The firm had strong credentials but no coherent narrative. References were scattered across proposal documents. There was no consistent way to describe track record.

What we changed

  • Built a track record format: one-page per engagement, anonymized, structured identically
  • Wrote a firm profile covering methodology, team credentials, and relevant experience
  • Produced a capability deck aligned to the specific framework contract criteria

Outcome

Awarded position on framework contract. Contract value not disclosed.

Why it worked

Consistent track record format gave evaluators a reliable evidence structure across all prior engagements.

CS-05Q2 2024

Sector

Dual-Use / AI & SIGINT

Buyer type

Intelligence community + commercial CTO

Procurement stage

Dual-track: RFI (defense) + pilot negotiation (commercial)

Evaluation win

Commercial pilot signed 45 days post-launch; defense RFI submitted

Assets produced

  • 9-page website (dual-track structure)
  • 2-page commercial product brief
  • 1-page defense capability statement

Proof format

Message architectureEvaluator path

Context

AI-based signal analysis company.
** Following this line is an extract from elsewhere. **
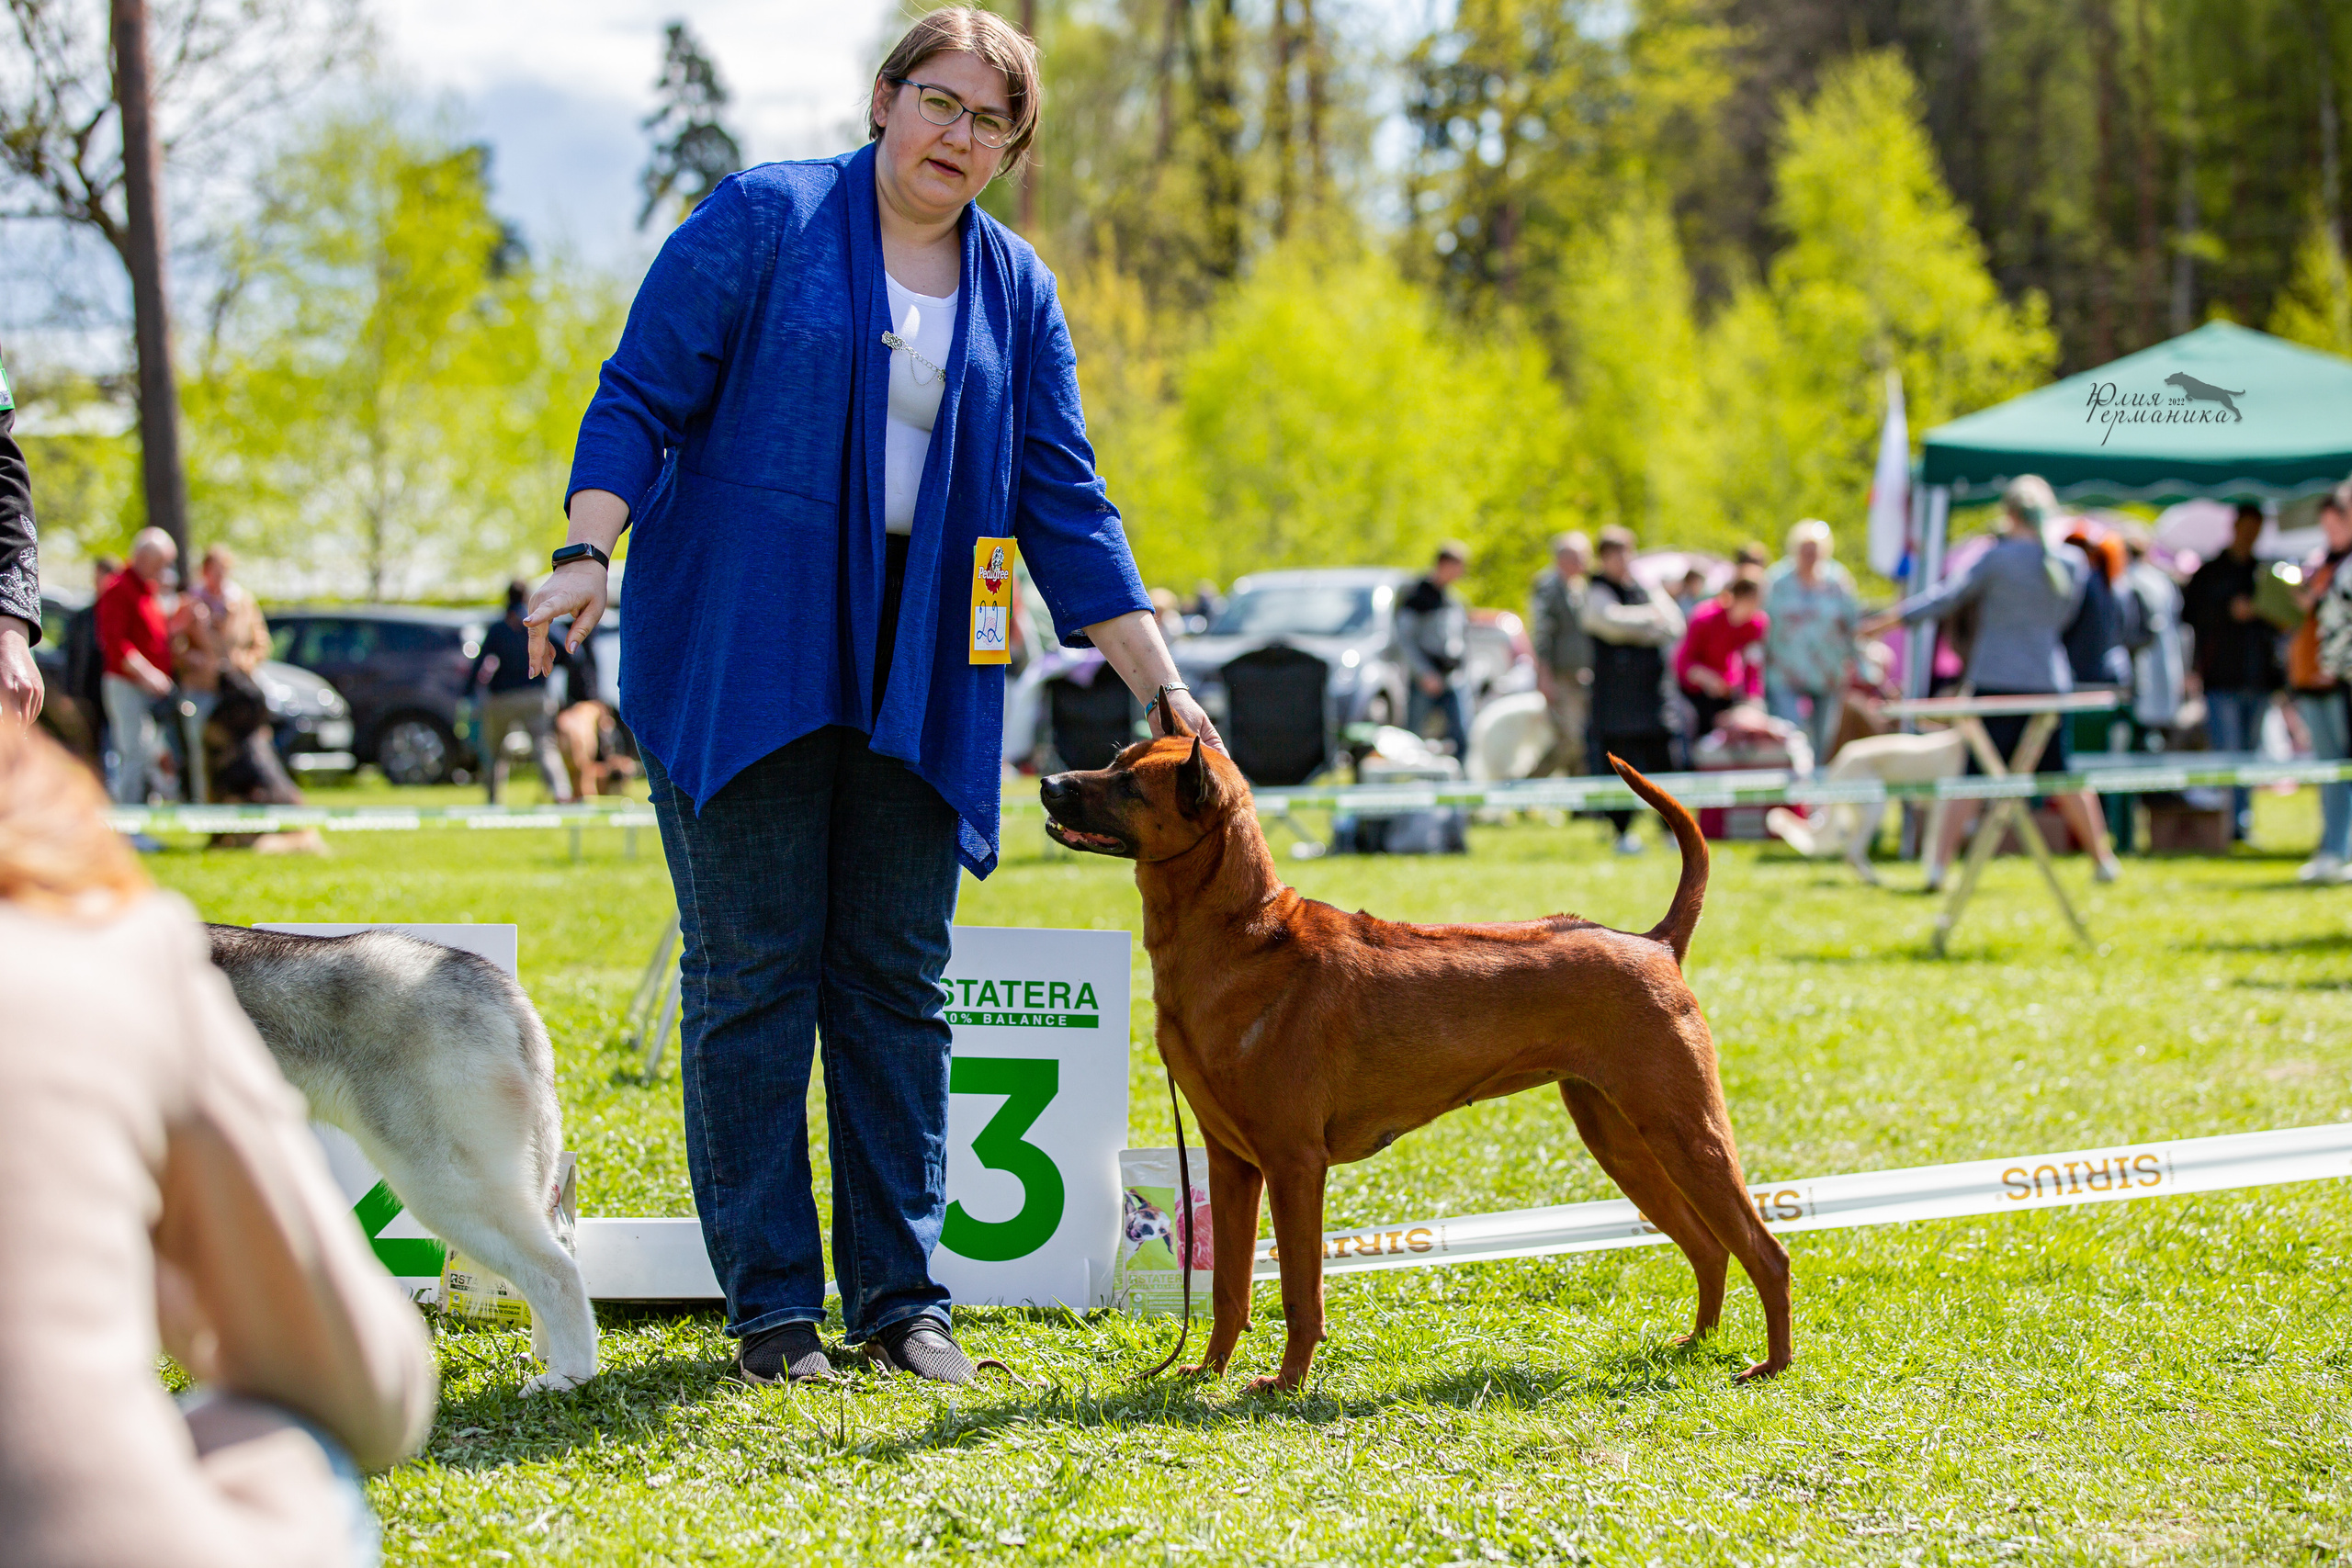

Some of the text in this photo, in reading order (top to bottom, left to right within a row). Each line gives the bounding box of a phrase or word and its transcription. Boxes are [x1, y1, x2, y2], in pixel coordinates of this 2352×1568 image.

Technology applicable in both telecom and intelligence markets. Needed a website that served both audiences without compromising either.

Problem

A single website could not serve both a commercial telecom CTO and an intelligence procurement officer. Previous site was too technical for commercial buyers and too vague for defense evaluators.

What we changed

  • Designed a dual-track site structure with distinct entry points per audience
  • Wrote separate copy tracks without replicating content
  • Built a 'product' section that described capabilities in outcome terms only — no exposed methodology

Outcome

Commercial pilot signed within 45 days of launch. Defense RFI submitted with new materials.

Why it worked

Separate audience paths eliminated the cognitive mismatch that had confused both buyer types.